Aromatic L-amino acid decarboxylase (AADC) deficiency is an inherited disorder that affects how signals are passed between certain cells in the nervous system. In the first year of life, symptoms appear that includes severe developmental delay, weak muscle tone, muscle stiffness, difficulty moving, involuntary movements of the limbs, sleep disturbance and spasms. Cardiac arrest is common but life expectancy is unknown since so few children are diagnosed. 

GM1 Gangliodosis is an inherited disorder that progressively destroys nerve cells in the brain and the spinal cord. The most severe form called type I, or the infantile form, usually becomes apparent by the age of six months. Type II, or late infantile form, progresses slowly and both forms come with significant physical and intellectual disability, varying degrees of vision loss, enlarged organs and an enlarged and weakened heart muscle.  Children with both types rarely survive past childhood.

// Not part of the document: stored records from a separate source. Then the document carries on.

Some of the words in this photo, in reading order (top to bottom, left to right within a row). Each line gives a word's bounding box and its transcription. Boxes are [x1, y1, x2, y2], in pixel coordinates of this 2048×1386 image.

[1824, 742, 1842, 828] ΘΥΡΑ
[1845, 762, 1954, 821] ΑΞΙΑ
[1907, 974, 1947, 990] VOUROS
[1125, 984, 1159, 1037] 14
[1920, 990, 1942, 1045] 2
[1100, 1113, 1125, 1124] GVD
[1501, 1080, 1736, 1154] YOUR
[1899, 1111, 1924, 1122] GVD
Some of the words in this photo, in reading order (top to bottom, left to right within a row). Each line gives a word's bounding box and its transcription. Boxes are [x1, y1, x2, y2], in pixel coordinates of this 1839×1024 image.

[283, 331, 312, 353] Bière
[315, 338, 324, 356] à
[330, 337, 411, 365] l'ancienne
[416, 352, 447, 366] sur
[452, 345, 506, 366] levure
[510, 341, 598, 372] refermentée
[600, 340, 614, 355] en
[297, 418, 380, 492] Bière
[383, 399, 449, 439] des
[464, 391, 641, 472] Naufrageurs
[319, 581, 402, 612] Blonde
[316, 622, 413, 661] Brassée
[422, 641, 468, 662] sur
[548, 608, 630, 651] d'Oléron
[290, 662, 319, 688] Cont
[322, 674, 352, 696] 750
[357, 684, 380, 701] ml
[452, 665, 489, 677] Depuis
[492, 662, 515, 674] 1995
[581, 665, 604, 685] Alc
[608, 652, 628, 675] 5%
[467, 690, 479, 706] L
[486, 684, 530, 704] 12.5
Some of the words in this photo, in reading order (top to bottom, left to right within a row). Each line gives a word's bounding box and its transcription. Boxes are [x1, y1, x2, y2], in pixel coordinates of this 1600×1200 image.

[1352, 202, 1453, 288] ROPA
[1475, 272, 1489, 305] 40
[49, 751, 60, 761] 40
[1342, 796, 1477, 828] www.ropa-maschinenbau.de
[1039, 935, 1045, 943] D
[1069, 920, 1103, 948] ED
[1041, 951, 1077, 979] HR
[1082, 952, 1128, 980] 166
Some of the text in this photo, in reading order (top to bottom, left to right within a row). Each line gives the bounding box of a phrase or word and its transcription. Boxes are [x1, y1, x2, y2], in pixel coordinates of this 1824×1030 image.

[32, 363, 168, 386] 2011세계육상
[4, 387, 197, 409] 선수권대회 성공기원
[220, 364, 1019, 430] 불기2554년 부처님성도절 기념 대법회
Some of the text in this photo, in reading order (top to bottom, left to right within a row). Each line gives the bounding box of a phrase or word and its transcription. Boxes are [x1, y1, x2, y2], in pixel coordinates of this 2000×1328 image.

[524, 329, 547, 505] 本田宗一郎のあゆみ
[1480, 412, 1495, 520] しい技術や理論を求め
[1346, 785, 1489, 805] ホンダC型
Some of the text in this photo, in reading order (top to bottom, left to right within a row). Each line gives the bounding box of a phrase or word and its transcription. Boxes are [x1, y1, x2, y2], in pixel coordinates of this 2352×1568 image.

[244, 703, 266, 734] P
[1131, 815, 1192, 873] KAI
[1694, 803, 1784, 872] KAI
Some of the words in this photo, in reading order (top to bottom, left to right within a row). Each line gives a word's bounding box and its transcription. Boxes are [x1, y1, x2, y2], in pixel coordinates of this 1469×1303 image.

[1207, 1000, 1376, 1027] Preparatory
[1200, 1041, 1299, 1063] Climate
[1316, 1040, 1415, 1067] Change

Niemann-Pick A disease causes production of harmful amounts of lipids in the spleen, liver, lungs, bone marrow, and brain. By three months of age, infants usually develop hepatosplenomegaly, an enlarged liver and spleen, and fail to gain weight. Growth rate is severely stunted and within the first year of life, mental abilities and movement progressively decline. Lung damage often occurs that leads to infection and eventually respiratory failure. Life expectancy is generally no greater than early childhood.

Also caused by harmful amounts of lipid production, Niemann-Pick disease types C1 and C2 have similar symptoms as type A that are apparent in early childhood. Children with type C usually develop difficulty coordinating movements, lose vertical eye movement, develop poor muscle tone, and suffer from severe liver and lung disease. Speech, swallowing and intellectual function progressively decline with many children experiencing seizures. Life expectancy rarely extends beyond early adulthood.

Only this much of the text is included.